▶ [About this exercise] Copy the entries below word for word, but omit any pictures they contain.
______________________________
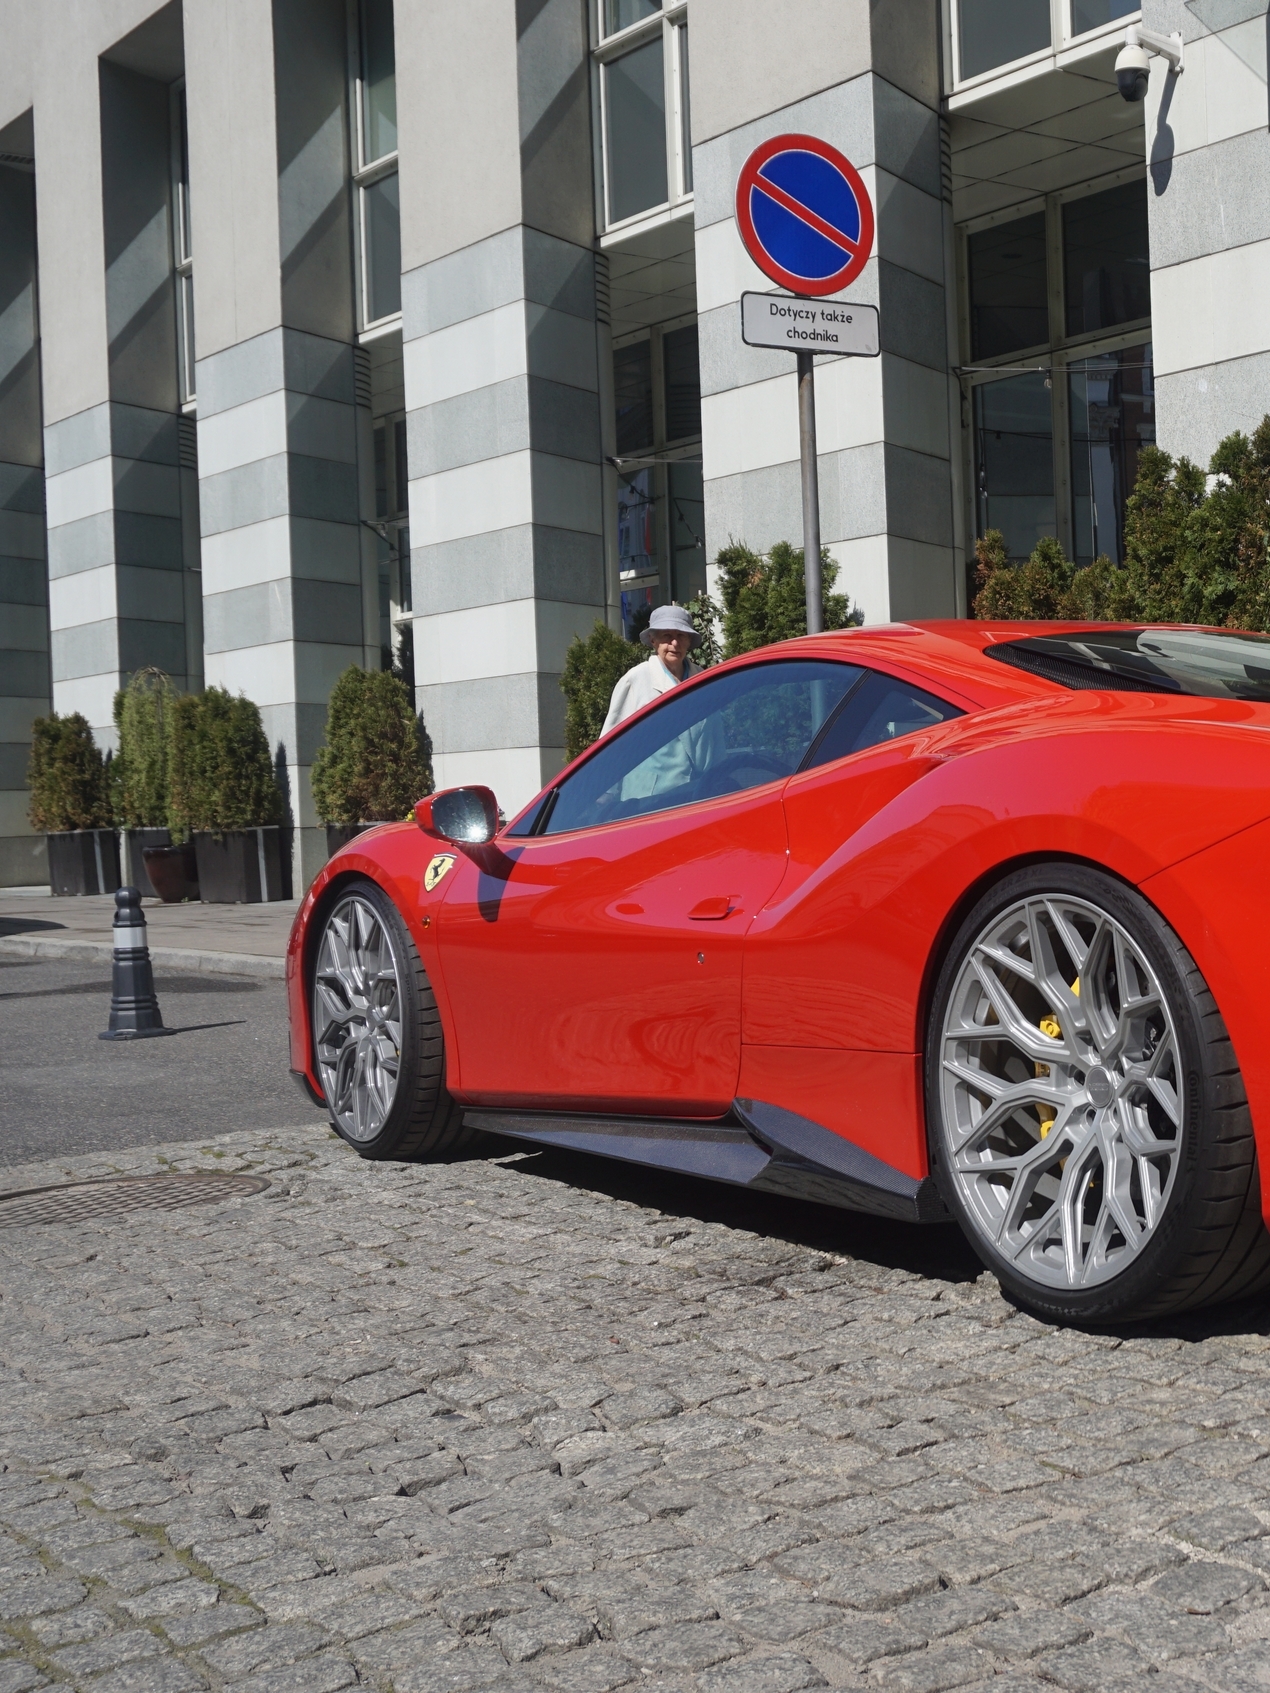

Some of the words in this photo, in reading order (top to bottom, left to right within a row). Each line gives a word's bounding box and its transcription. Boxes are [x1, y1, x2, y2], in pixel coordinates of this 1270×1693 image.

[769, 303, 817, 323] Dotyczy
[820, 309, 853, 324] także
[786, 326, 839, 343] chodnika
[1187, 1070, 1201, 1161] Continental
______________________________
▶ [Finished task]
Some of the words in this photo, in reading order (top to bottom, left to right within a row). Each line gives a word's bounding box and its transcription. Boxes are [x1, y1, x2, y2], in pixel coordinates of this 1270×1693 image.

[769, 303, 817, 323] Dotyczy
[820, 309, 853, 324] także
[786, 326, 839, 343] chodnika
[1187, 1070, 1201, 1161] Continental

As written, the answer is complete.